Enhanced search capabilities for secrets in Secrets Manager

Secrets Manager provides an easier method to manage and search secrets based on attributes such as secret names, description, tag keys, and tag values by introducing an enhanced search functionality supported through the AWS console, AWS API, and AWS CLI.

If you store thousands of secrets in Secrets Manager, searching secrets by name may not return enough information about the secrets. However, using additional search attributes when you search provides in depth information about the secrets. You can apply multiple filters to the search criteria.

You can search for a secret using these attributes:

  • Name - a matching prefix case-sensitive phrase query using part or all of the secret name to return relevant results.

    For example, searching for MySecret returns results if you named the secret, MySecret. The search does not find secrets named mysecret or other variations.

  • Description - a matching phrase case-insensitive query to specify a phrase located in the description to filter matching descriptions.

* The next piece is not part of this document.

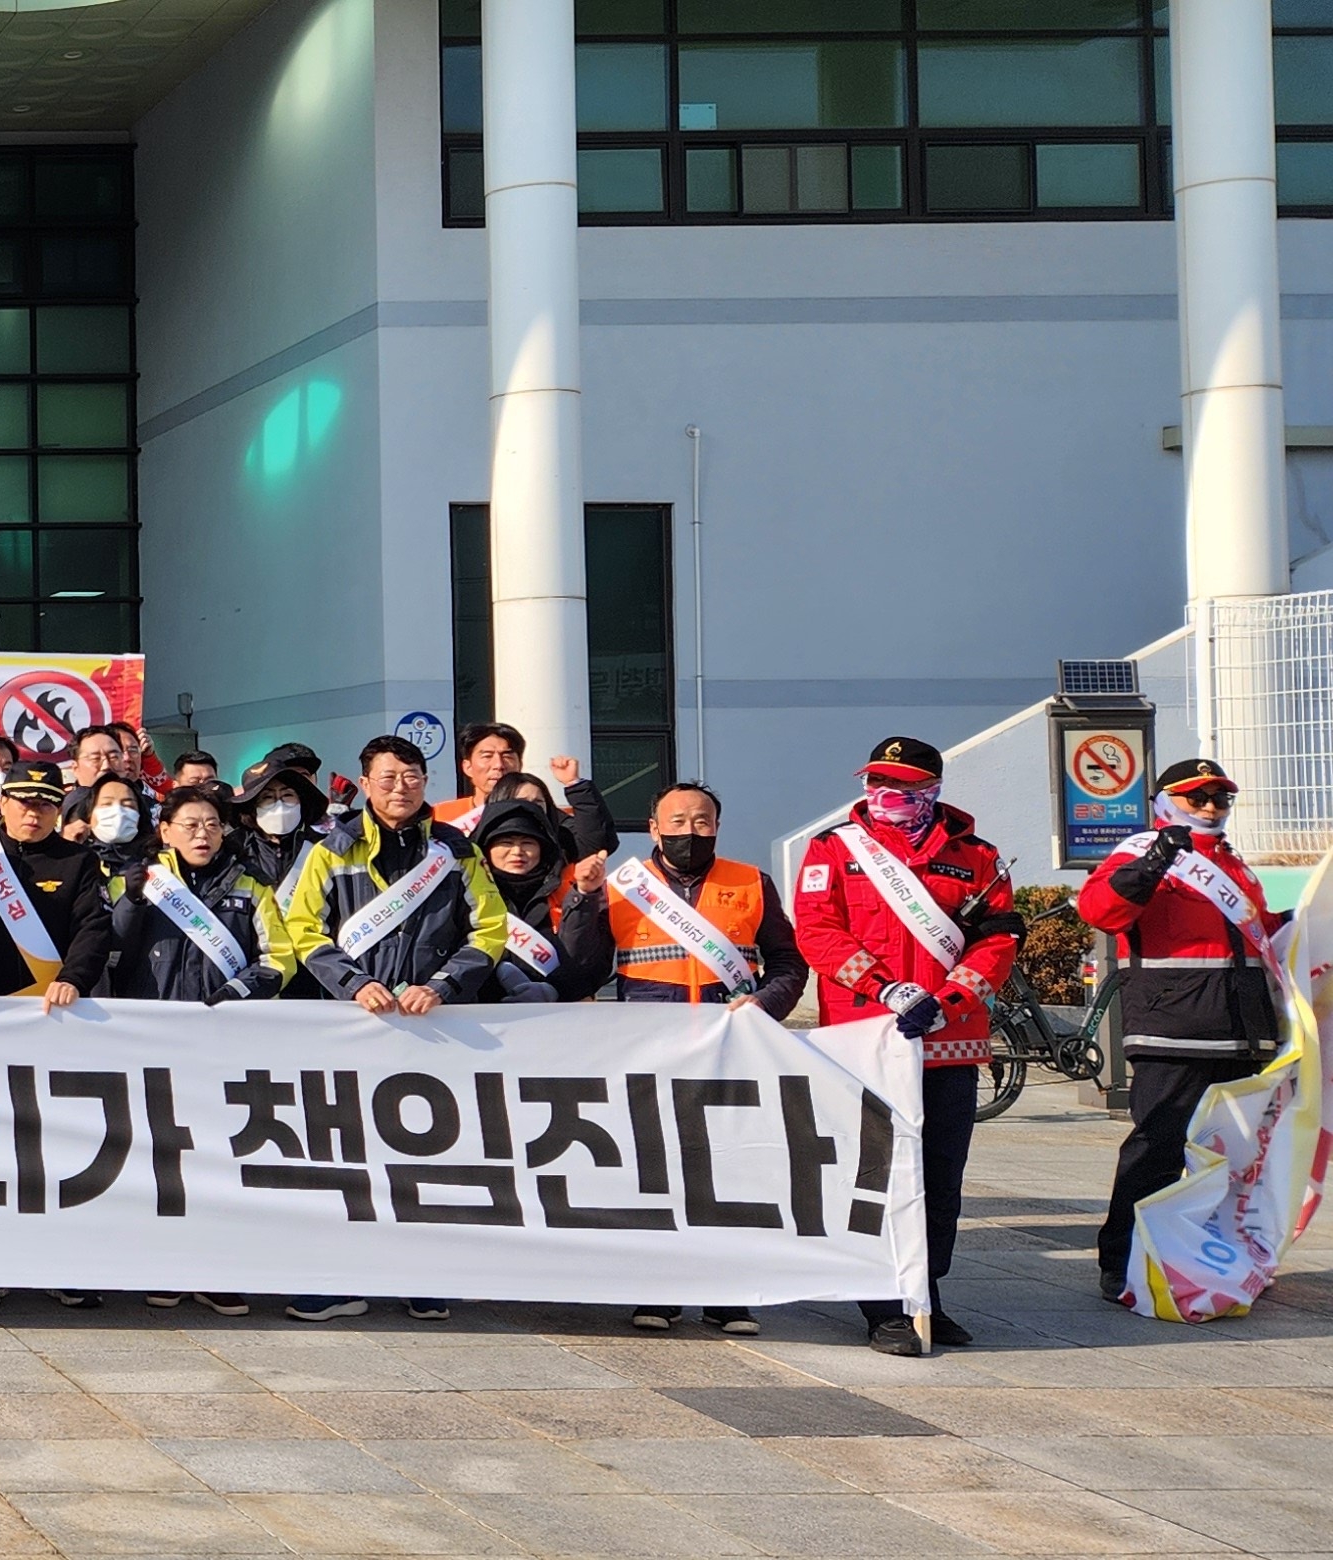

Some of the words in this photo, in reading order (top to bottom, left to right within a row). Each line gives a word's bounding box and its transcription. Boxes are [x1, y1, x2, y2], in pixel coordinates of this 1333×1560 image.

[408, 731, 433, 745] 175
[1074, 803, 1138, 820] 금연구역
[224, 1068, 896, 1238] 책임진다!
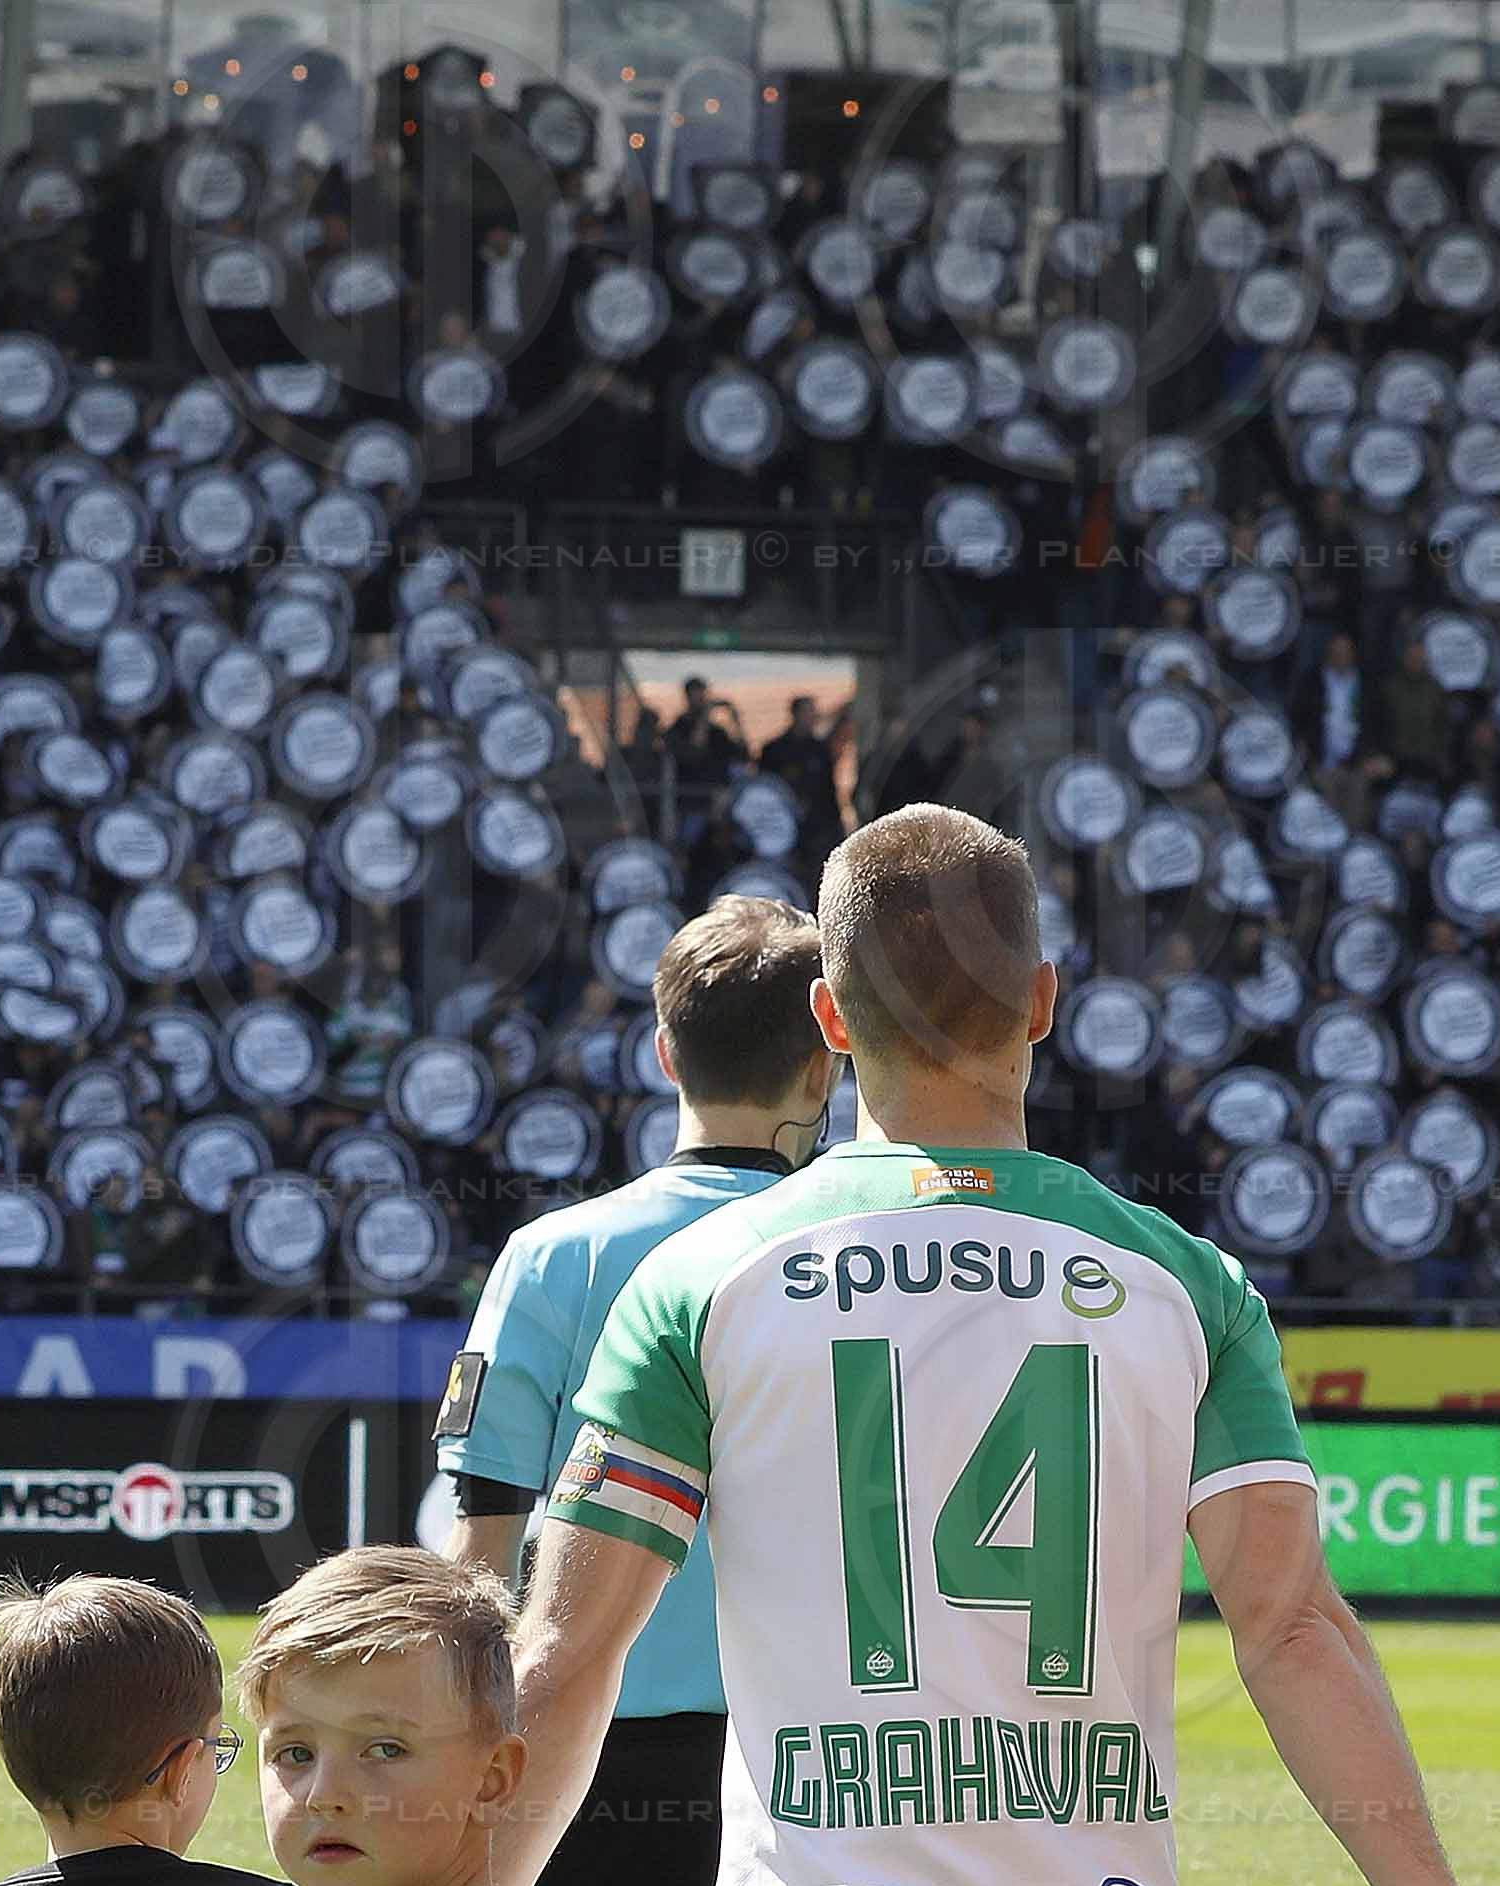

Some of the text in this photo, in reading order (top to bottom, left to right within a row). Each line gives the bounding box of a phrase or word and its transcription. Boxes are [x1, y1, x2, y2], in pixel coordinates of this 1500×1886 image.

    For example, searching for MyDescription returns results with MyDescriptiion, mydescription, Mydescription, or myDescription.

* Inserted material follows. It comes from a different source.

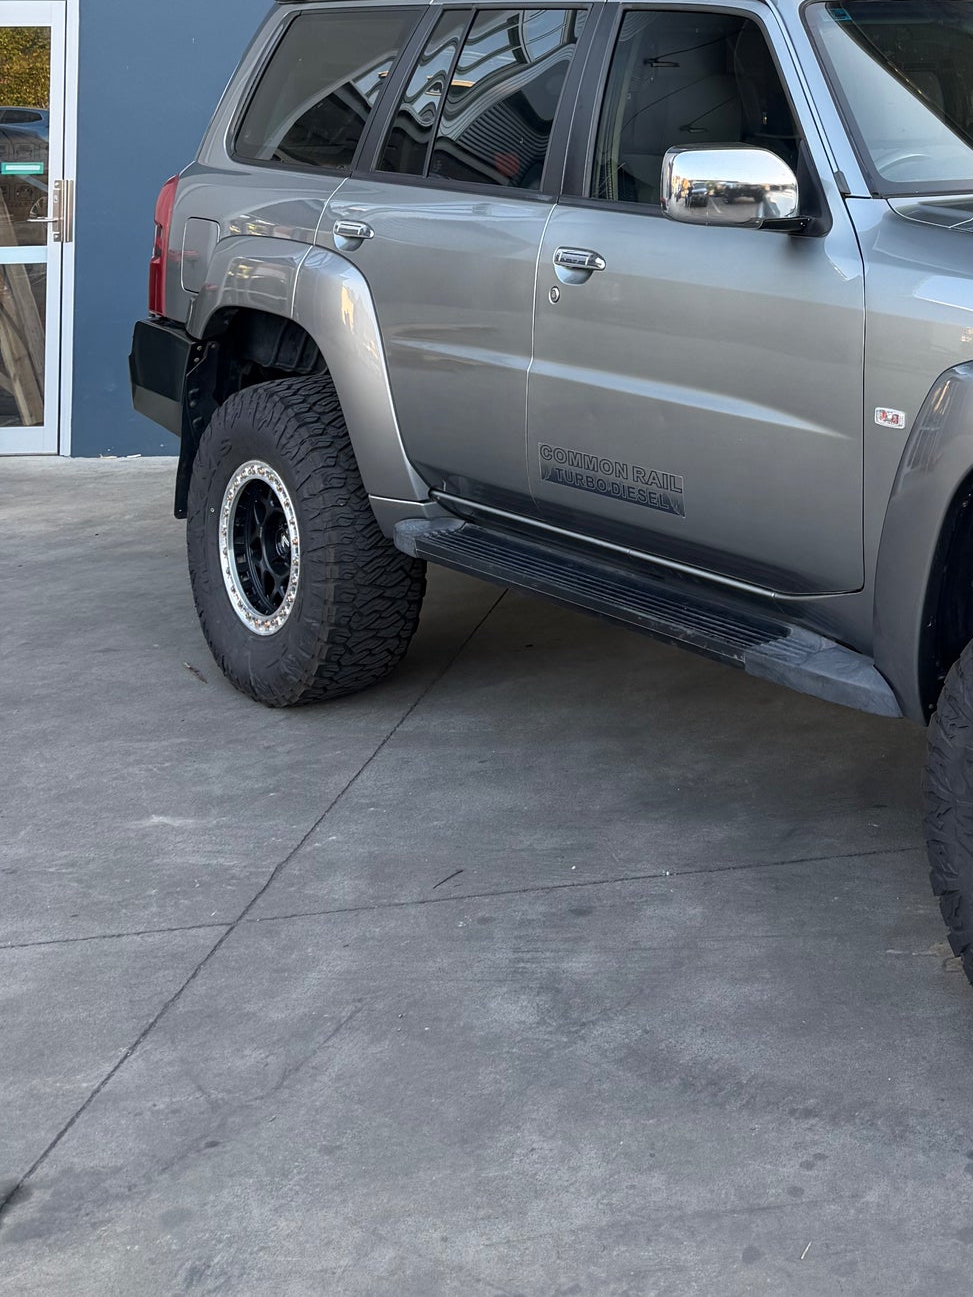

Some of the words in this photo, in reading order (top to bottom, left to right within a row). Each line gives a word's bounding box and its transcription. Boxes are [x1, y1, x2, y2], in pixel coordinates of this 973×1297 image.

[539, 444, 629, 480] COMMON
[632, 465, 683, 494] RAIL
[554, 467, 609, 493] TURBO
[610, 481, 669, 510] DIESEL

  • Tag keys - a matching prefix case-sensitive query that searches for the existence of tag key. Secrets Manager returns only tags matching the specified prefix.

    For instance, searching for MyKey returns only secrets with a Tag Key value of MyKey, not mykey or other variations.

  • Tag values a matching prefix case-sensitive query that searches for the existence of a tag value. Secrets Manager returns only tags matching the specified prefix.

    For instance, searching for MyValue returns only secrets with a Tag Value of MyValue, not myvalue or other variations.

Using Search without filters

Using the Search feature without specifying filters returns different search results for secrets. When you specify a search keyword, the search returns all secrets with that keyword in the name, tag key, tag value, or description and ignores case-sensitivity in the results.

If you use a full text search without any filters, the search feature ignores special characters, such as space, /, _, =, #, and only searches for matching numbers and alphabet.

Secrets Manager provides this type of search behavior by default.

Searching for secrets

Use the steps on one of the following tabs:

Using the Secrets Manager console
  1. Open the Secrets Manager console at https://console.aws.amazon.com/secretsmanager/.

  2. Click in the Search field and choose the filter(s) to use in your search:

    • Name

    • Description

    • Tag Keys

    • Tag Value

    Note

    You may use multiple filters for your search criteria.

  3. Type your keyword in the Search field and press Enter.

  4. Secrets Manager returns a list of secrets matching your search criteria.

For example, searching for secrets with the keyword, conducts, in the secret description, returns two secrets:

Secret Name Description

SecretsManager-rotation-lambda

Conducts an AWS SecretsManager rotation for RDS MySQL using single user rotation scheme

SecretsManager-rotation-Developers

Conducts an AWS SecretsManager rotation for RDS MySQL using single user rotation scheme

Using the AWS CLI or AWS SDK operations

You can use the following commands to search for a secret stored in AWS Secrets Manager:

The following example of the AWS CLI command searches for secrets with the keyword, conducts, in the description.

$ aws secretsmanager list-secrets --filters '[{"Key":"description", "Values":["conducts"]}]' --query "SecretList[*].{SecretName:Name,Description:Description}" { [ { "Description": "Conducts an AWS SecretsManager rotation for RDS MySQL using single user rotation scheme", "SecretName": "SecretsManager-rotation-lambda" }, { "Description": "Conducts an AWS SecretsManager rotation for RDS MySQL using single user rotation scheme", "SecretName": "SecretsManager-rotation-Developers" } ] }

The query returns two secrets, SecretsManager-rotation-lambda and SecretsManager-rotation-Developers, that contain the keyword, conducts in the description.